There is now to be a “gender ban” in Bavaria. The Bavarian Prime Minister in his government statement yesterday:

“For Bavaria I can say: With us there will be no compulsory gender. On the contrary: we will even prohibit gender in schools and administration.”

What does that mean? Will only the gender asterisk be banned or will we not be allowed to refer to “citizens” in official documents in the future? In implementation of the Bavarian Equality Act, “Guidelines for the performance and organization of public tasks as well as for legislation in the Free State of Bavaria” were issued. It says under point 2.5.4:

“Legal and administrative regulations, templates, forms, letters and the like should be formulated in such a way that they address each gender equally. However, any linguistic artificiality or language teaching tendency must be avoided. No. 3.4 of the editorial guidelines applies accordingly.”
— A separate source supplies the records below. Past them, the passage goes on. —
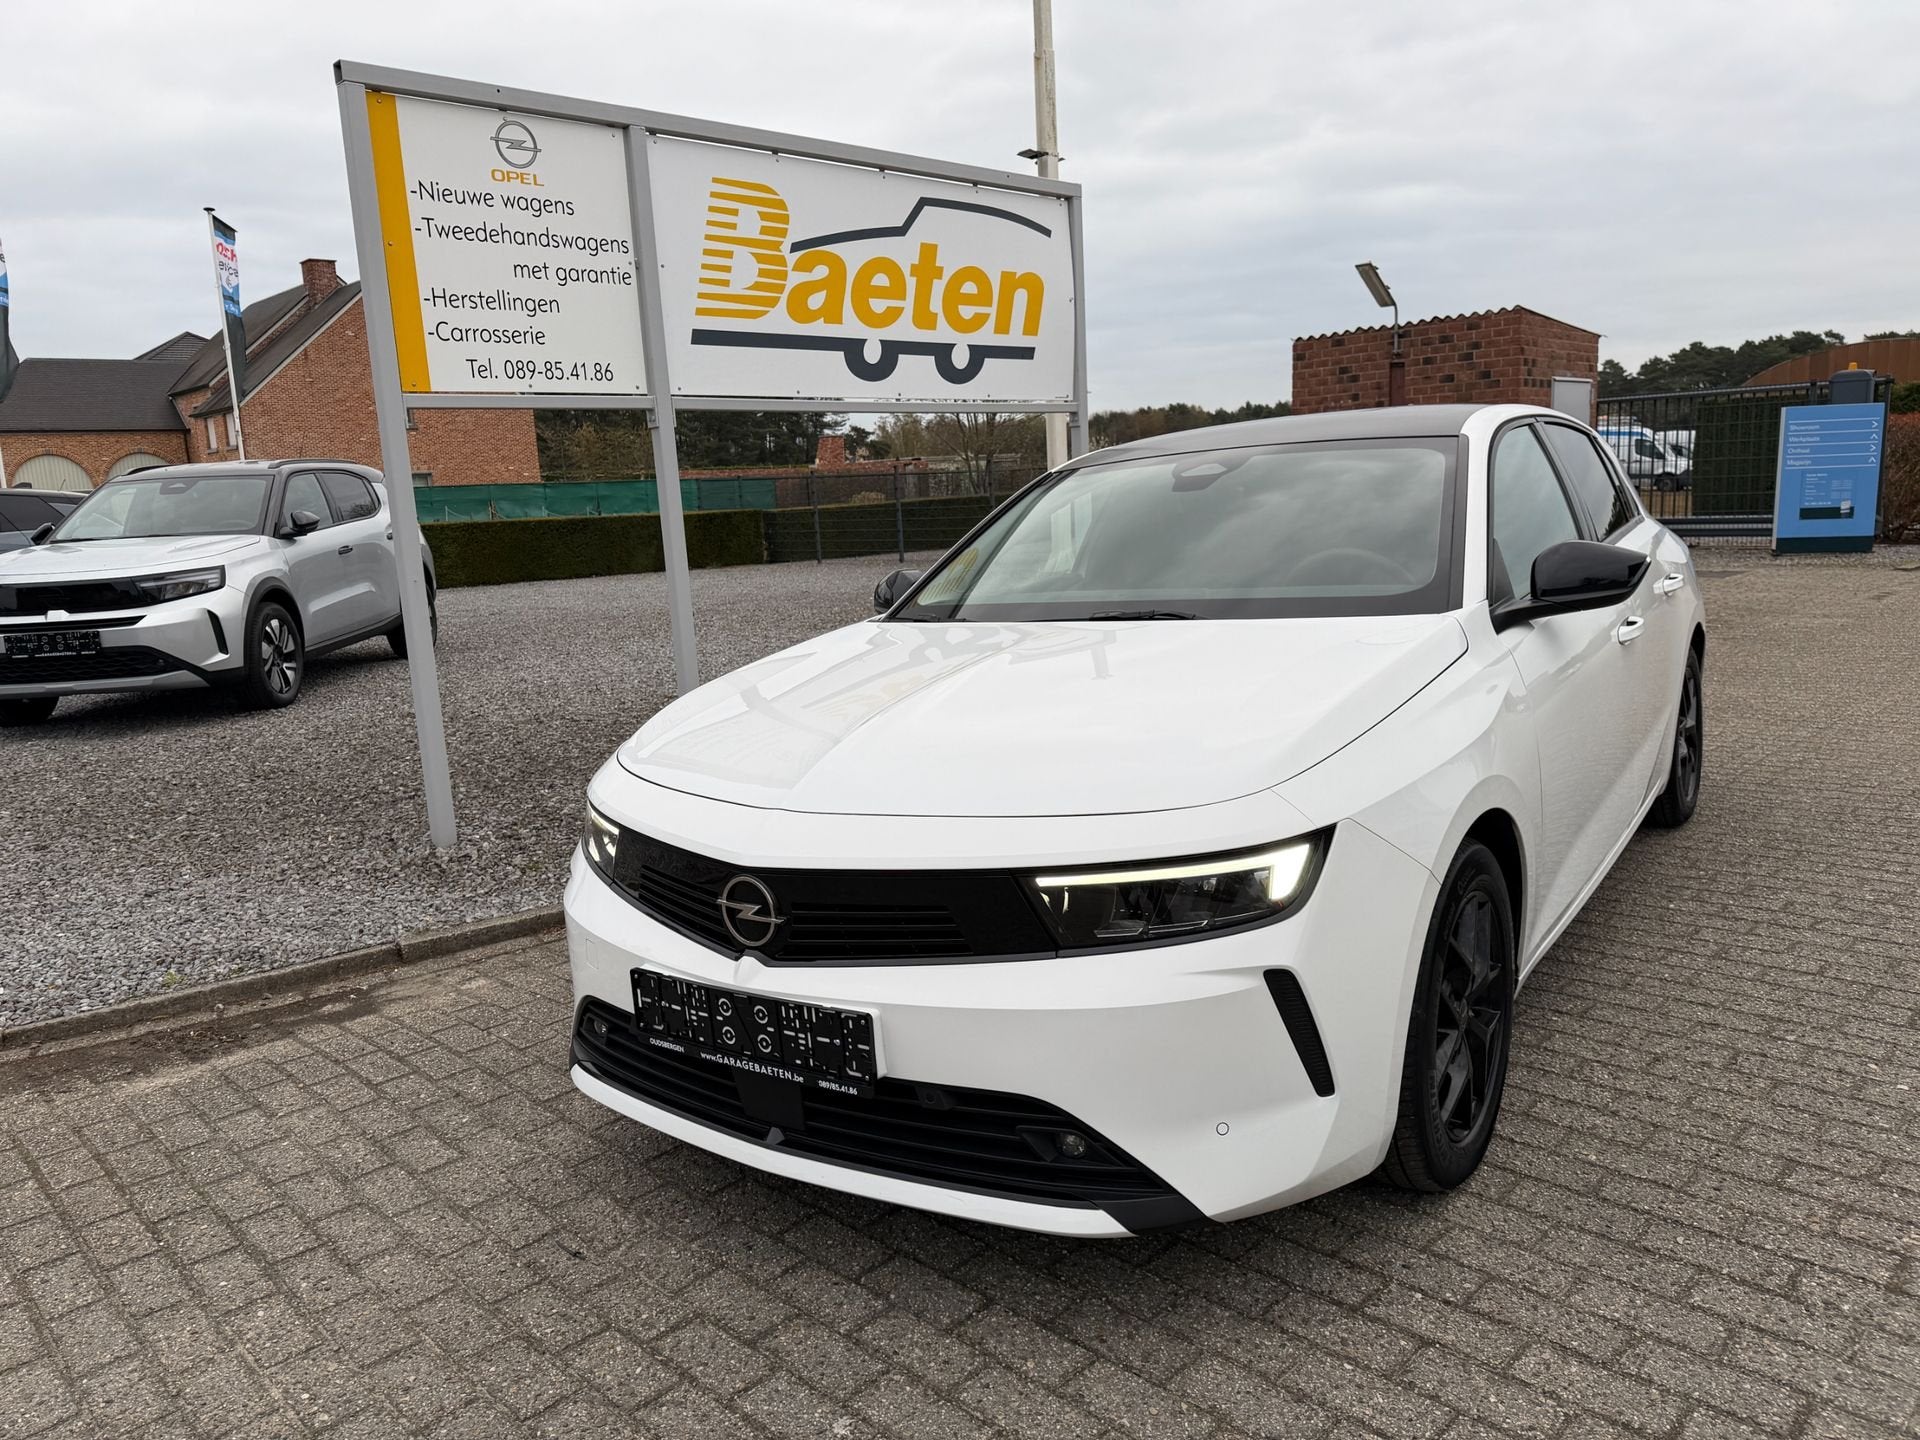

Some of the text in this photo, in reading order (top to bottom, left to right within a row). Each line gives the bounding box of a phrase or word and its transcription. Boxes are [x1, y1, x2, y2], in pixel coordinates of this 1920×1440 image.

[490, 168, 545, 187] OPEL
[410, 180, 575, 217] -Nieuwe wagens
[414, 217, 630, 257] -Tweedehandswagens
[695, 176, 1045, 337] Baeten
[513, 261, 632, 287] met garantie
[423, 287, 561, 318] -Herstellingen
[428, 321, 546, 345] -Carrosserie
[465, 357, 614, 382] Tel. 089-85.41.86
[649, 1037, 685, 1053] OUDSBERGEN
[700, 1051, 804, 1083] www.GARAGEBAETEN.be
And in No. 3.4 of the “Guidelines for the drafting of legal provisions” it says:

“Legal and administrative regulations should be formulated in such a way that they address each gender equally, for example through pair formulas or gender-neutral formulations. However, any linguistic artificiality or language teaching tendency must be avoided. The decisive guideline is the common language reality, easy comprehensibility and concise content. Sparse spellings and special characters to describe gender are not permitted. Excessive pair formation should be avoided, as should consciously sought descriptions that go beyond the lived reality of language. Gender-independent generalized masculine formulations are permissible according to natural language usage, where it corresponds to everyday language and promotes comprehensibility.

The gender asterisk is already banned. Citizens are not covered by legislation either. This raises a lot of questions for the lawyers, and perhaps also the women lawyers, who have to draft the new regulation. Will “citizens” or “doctors” be considered “excessive pairing” in the future? What will become of the “students”? Will the new regulations also bind universities with their guidelines on gender-appropriate language? What about cities like Munich? As the media write, Munich has allegedly anchored gender-equitable language in its administrative regulations since 1991. Are lawsuits against unequal treatment to be expected because large companies continue to use gender-fair language in their internal company guidelines?
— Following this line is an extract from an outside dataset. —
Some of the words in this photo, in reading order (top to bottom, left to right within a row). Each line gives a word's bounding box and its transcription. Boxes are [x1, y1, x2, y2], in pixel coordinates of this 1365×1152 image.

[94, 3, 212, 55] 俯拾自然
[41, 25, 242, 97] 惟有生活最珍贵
From a socio-political point of view, one may also ask what is going on in our rulers. Is this a kind of conservative decision to retrofit the much-quoted “cancel culture” in order to expand the identity politics arsenal beyond beer festivals, cruise decrees and traditional costume cult? Or just linguistic self-defense against the mayor’s office or unpleasant attempts to gender activities like “gardening”? On this occasion: Is “medical” actually a masculine form?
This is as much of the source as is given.